(Stored data entries)
-.-.-
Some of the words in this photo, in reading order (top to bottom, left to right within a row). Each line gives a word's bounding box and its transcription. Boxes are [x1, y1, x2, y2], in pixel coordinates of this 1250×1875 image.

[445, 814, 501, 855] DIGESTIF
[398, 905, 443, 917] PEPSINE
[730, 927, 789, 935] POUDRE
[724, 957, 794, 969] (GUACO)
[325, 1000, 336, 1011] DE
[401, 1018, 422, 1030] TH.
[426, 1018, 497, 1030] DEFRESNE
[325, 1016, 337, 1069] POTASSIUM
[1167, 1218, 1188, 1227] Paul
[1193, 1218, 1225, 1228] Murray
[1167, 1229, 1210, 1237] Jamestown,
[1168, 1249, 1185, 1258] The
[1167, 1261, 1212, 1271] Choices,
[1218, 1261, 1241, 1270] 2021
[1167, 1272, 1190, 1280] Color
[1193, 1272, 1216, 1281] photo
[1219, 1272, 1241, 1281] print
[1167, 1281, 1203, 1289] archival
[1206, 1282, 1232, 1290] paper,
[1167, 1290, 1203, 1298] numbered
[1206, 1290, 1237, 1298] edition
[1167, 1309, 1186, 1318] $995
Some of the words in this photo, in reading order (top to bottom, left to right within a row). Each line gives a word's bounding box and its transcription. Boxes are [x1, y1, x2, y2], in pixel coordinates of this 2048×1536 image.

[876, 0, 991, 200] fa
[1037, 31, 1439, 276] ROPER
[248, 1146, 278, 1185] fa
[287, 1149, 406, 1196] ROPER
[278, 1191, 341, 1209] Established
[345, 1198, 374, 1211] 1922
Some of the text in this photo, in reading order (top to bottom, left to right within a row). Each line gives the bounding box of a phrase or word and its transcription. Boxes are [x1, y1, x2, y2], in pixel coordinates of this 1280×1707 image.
-.-.-
WORK INSTRUCTION ▸
Repeat the data in its entirety, exactly as written.

ANSWER TO THE PROBLEM ▸
Some of the words in this photo, in reading order (top to bottom, left to right within a row). Each line gives a word's bounding box and its transcription. Boxes are [x1, y1, x2, y2], in pixel coordinates of this 1250×1875 image.

[445, 814, 501, 855] DIGESTIF
[398, 905, 443, 917] PEPSINE
[730, 927, 789, 935] POUDRE
[724, 957, 794, 969] (GUACO)
[325, 1000, 336, 1011] DE
[401, 1018, 422, 1030] TH.
[426, 1018, 497, 1030] DEFRESNE
[325, 1016, 337, 1069] POTASSIUM
[1167, 1218, 1188, 1227] Paul
[1193, 1218, 1225, 1228] Murray
[1167, 1229, 1210, 1237] Jamestown,
[1168, 1249, 1185, 1258] The
[1167, 1261, 1212, 1271] Choices,
[1218, 1261, 1241, 1270] 2021
[1167, 1272, 1190, 1280] Color
[1193, 1272, 1216, 1281] photo
[1219, 1272, 1241, 1281] print
[1167, 1281, 1203, 1289] archival
[1206, 1282, 1232, 1290] paper,
[1167, 1290, 1203, 1298] numbered
[1206, 1290, 1237, 1298] edition
[1167, 1309, 1186, 1318] $995
Some of the words in this photo, in reading order (top to bottom, left to right within a row). Each line gives a word's bounding box and its transcription. Boxes are [x1, y1, x2, y2], in pixel coordinates of this 2048×1536 image.

[876, 0, 991, 200] fa
[1037, 31, 1439, 276] ROPER
[248, 1146, 278, 1185] fa
[287, 1149, 406, 1196] ROPER
[278, 1191, 341, 1209] Established
[345, 1198, 374, 1211] 1922
Some of the text in this photo, in reading order (top to bottom, left to right within a row). Each line gives the bounding box of a phrase or word and its transcription. Boxes are [x1, y1, x2, y2], in pixel coordinates of this 1280×1707 image.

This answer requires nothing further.